Objective: To develop and test a machine learning model for classifying human papillomavirus (HPV) status of patients with oropharyngeal squamous cell carcinoma (OPSCC) using ¹⁸F-fluorodeoxyglucose (¹⁸F-FDG) PET-derived parameters in derived parameters and an appropriate combination of machine learning methods in patients with OPSCC. Materials and Methods: This retrospective study enrolled 126 patients (118 male; mean age, 60 years) with newly diagnosed, pathologically confirmed OPSCC, that underwent ¹⁸F-FDG PET-computed tomography (CT) between January 2012 and February 2020. Patients were randomly assigned to training and internal validation sets in a 7:3 ratio. An external test set of 19 patients (16 male; mean age, 65.3 years) was recruited sequentially from two other tertiary hospitals. Model 1 used only PET parameters, Model 2 used only clinical features, and Model 3 used both PET and clinical parameters. Multiple feature transforms, feature selection, oversampling, and training models are all investigated. The external test set was used to test the three models that performed best in the internal validation set. The values for area under the receiver operating characteristic curve (AUC) were compared between models. Results: In the external test set, ExtraTrees-based Model 3, which uses two PET-derived parameters and three clinical features, with a combination of MinMaxScaler, mutual information selection, and adaptive synthetic sampling approach, showed the best performance (AUC = 0.78; 95% confidence interval, 0.46-1).
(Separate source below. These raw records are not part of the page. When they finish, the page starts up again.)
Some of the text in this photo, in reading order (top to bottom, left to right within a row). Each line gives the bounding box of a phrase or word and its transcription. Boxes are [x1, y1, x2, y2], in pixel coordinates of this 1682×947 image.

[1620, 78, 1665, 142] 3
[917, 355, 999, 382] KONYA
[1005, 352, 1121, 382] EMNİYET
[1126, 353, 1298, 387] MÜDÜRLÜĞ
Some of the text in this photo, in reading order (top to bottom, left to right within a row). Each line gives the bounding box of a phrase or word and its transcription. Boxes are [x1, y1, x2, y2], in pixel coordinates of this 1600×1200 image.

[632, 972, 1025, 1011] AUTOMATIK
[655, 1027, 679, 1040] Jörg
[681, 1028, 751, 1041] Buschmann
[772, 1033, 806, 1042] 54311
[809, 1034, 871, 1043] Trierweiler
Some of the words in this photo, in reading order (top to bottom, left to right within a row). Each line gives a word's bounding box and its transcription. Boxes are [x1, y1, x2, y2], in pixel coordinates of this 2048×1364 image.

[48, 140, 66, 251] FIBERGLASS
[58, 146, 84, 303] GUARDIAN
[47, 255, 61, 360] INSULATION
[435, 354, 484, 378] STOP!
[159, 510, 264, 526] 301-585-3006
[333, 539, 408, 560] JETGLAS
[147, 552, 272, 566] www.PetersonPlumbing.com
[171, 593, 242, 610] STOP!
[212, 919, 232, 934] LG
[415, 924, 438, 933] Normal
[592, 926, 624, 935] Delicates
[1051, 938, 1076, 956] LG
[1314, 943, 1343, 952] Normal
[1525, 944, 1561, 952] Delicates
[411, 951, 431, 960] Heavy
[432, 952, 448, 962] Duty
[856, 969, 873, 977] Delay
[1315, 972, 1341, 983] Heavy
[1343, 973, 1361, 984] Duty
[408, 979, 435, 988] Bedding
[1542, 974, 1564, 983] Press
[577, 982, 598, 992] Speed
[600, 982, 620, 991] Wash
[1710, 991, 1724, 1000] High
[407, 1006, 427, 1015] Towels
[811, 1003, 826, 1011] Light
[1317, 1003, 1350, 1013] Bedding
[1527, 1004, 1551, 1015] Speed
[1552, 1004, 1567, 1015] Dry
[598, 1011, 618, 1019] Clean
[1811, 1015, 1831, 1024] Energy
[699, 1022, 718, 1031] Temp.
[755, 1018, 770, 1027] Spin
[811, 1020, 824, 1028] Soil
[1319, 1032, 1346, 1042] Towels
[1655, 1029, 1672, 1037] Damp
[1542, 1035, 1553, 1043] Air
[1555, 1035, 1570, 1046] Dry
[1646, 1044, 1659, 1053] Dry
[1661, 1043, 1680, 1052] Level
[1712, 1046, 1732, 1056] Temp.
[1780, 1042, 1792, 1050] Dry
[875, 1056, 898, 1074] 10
Model 3 outperformed Model 1 using PET parameters alone (AUC = 0.48, p = 0.047) and Model 2 using clinical parameters alone (AUC = 0.52, p = 0.142) in predicting HPV status. Conclusion: Using oversampling and mutual information selection, an ExtraTree-based HPV status classifier was developed by combining metabolic parameters derived from ¹⁸F-FDG PET/CT and clinical parameters in OPSCC, which exhibited higher performance than the models using either PET or clinical parameters alone.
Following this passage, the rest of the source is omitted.